Understanding YJIT Part 1: Inline caching

Ruby has received a significant performance boost by being lazily compiled into bytecode by a JIT compiler, producing machine code executed by the CPU, rather than the way it’s been traditionally run – as an interpreted language that doesn’t usually win in the benchmarks. YJIT gives a performance boost because it generates bytecode that gets processed directly by the CPU, rather than a VM or interpreter, with CPU instructions being the fastest execution path of the three. But how does it work? There’s been a lot of mentions of BBV, or “Basic Block Versioning”, and actually this is not an entirely new concept; the excellent paper Evaluating YJIT’s Performance in a Production Context: A Pragmatic Approach written by some of the YJIT authors, shows that similar techniques power both the Psyco compiler for Pypi and TruffleRuby. In this article, we will attempt to understand how inline caching works in a compiler.

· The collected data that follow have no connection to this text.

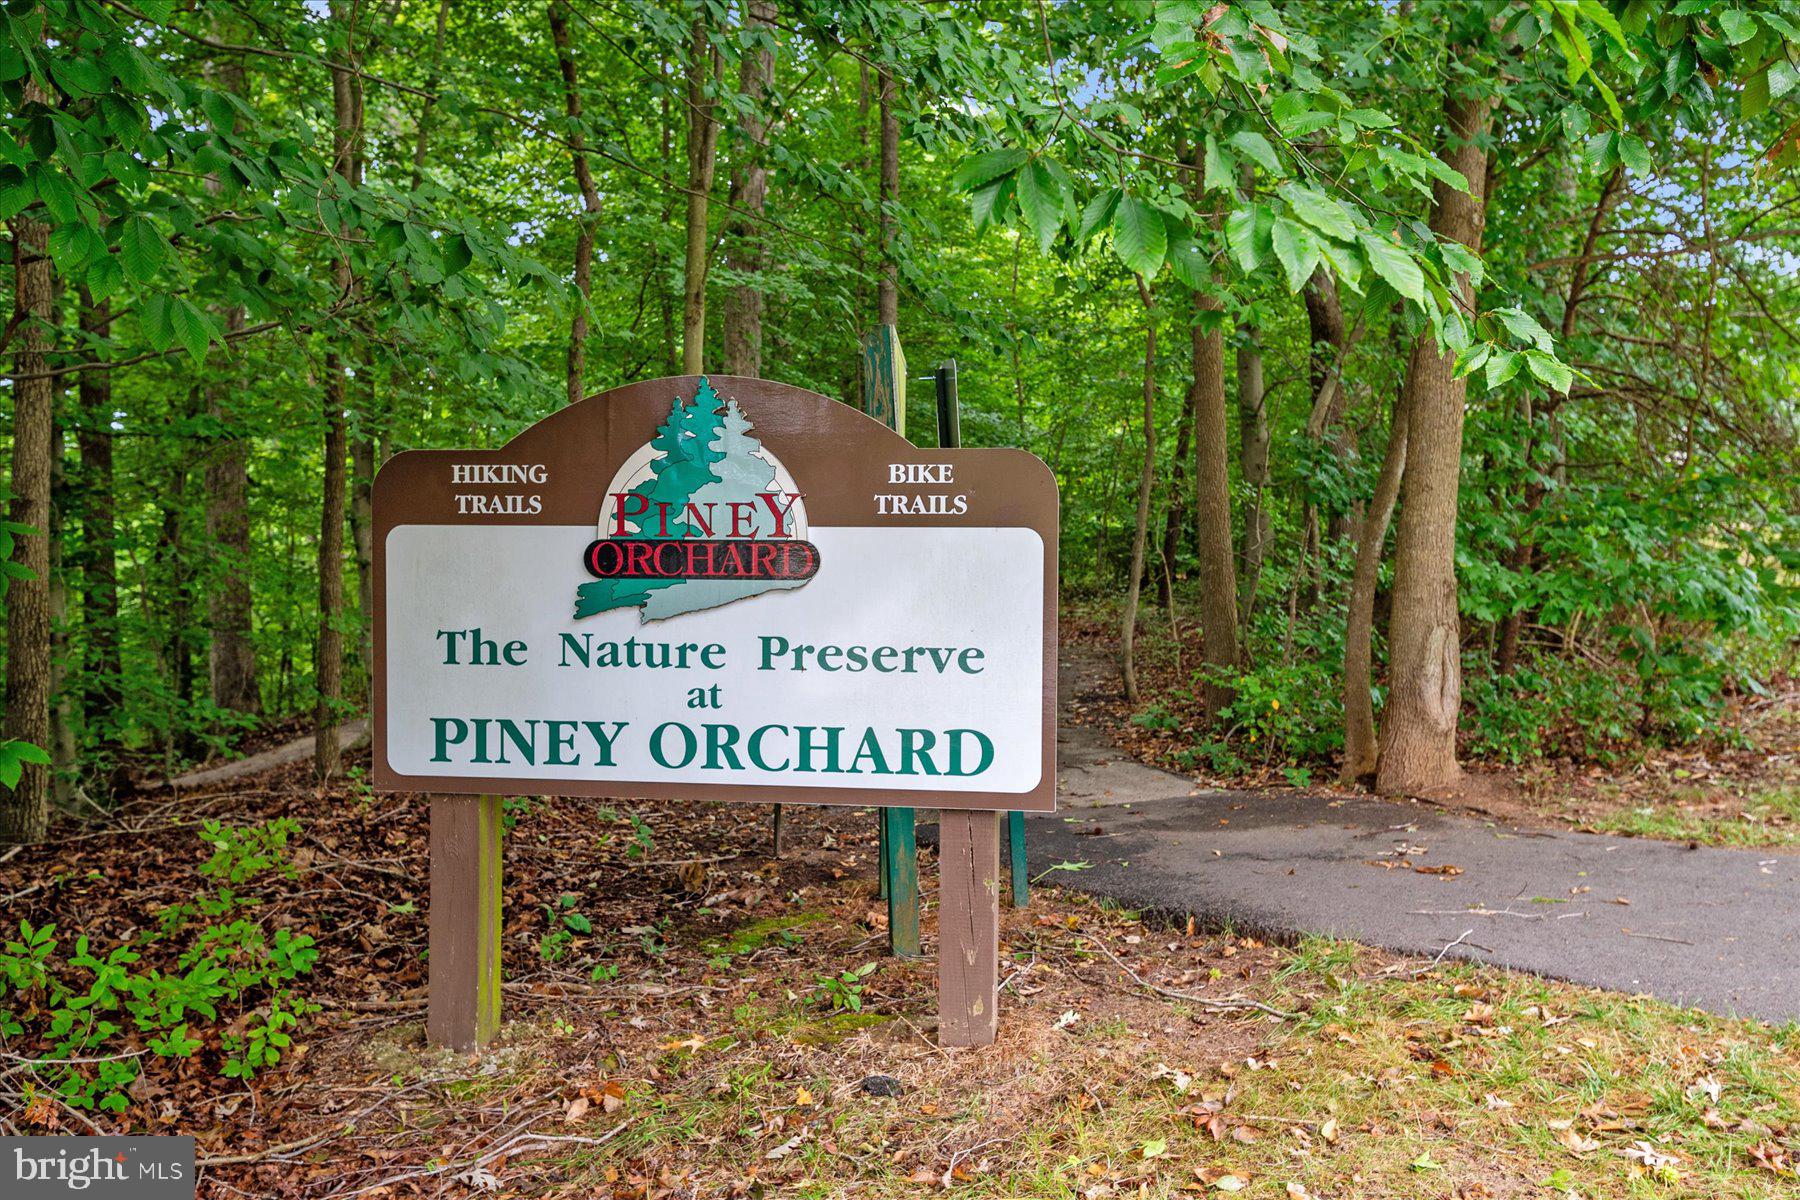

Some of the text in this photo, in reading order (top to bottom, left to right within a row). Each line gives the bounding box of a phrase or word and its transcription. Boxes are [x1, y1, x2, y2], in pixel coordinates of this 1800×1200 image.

[451, 463, 549, 485] HIKING
[888, 463, 954, 484] BIKE
[455, 494, 543, 515] TRAILS
[608, 492, 806, 539] PINEY
[874, 494, 968, 515] TRAILS
[591, 542, 815, 579] ORCHARD
[436, 628, 986, 675] The Nature Preserve
[686, 681, 723, 710] at
[429, 717, 995, 777] PINEY ORCHARD

Understanding YJIT in Ruby

The JIT compiler that powers YJIT incorporates the idea of Basic Block Versioning (BBV), a JIT architecture introduced in the PhD thesis of the lead YJIT engineer, Maxime Chevalier-Boisvert (source). I’m guessing that Shopify realized the way to truly optimize Ruby performance without adopting a JVM solution like TruffleRuby, a project they had been sponsoring for years, was to hire compiler experts.

BBV can be summarized by the following: it provides an optimization path for a dynamically typed language like Ruby by generating and caching paths of type-specialized machine code on-the-fly. These paths are generated at runtime based on actual type information passed into methods, as the compiler is able to peek at runtime type data during execution. This is a form of inline caching, which is needed for optimal JIT compilation because Ruby is dynamically typed and cannot be easily statically analyzed. Sorbet may be a future way to better statically analyze Ruby, and I imagine that a future JIT Ruby Compiler can extract type information from Sorbet, eschewing the need for BBV for fully-typed Sorbet projects.

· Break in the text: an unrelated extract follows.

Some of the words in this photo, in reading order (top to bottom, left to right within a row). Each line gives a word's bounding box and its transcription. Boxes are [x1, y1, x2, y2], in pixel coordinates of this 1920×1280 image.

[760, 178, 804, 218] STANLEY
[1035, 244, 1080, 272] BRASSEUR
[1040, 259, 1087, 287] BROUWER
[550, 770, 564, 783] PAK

YJIT relies on the promotion of run-time values to implement a mechanism that is functionally similar to polymorphic inline caches. When generating code for an instance variable read instruction, we peek at the run-time value and determine its class, so that we can generate specialized machine code for reading the requested property on the class that was encountered

To illustrate, consider a code block in Ruby where a variable num might be an integer or a floating-point number:

def calculate(num)
    return num * 2
end

During execution, the JIT compiler would create two versions of this basic code block. First, if num is an integer during a particular execution, the compiler generates and caches a version optimized for handling integers. Finally, in a most-likely rare case, if num is a string, the compiler would then produce a third specialized branch for strings, since Ruby can “multiply” strings with numbers. Once these code paths have been visited, future method calls would use the optimized versions of the code blocks, resulting in faster execution.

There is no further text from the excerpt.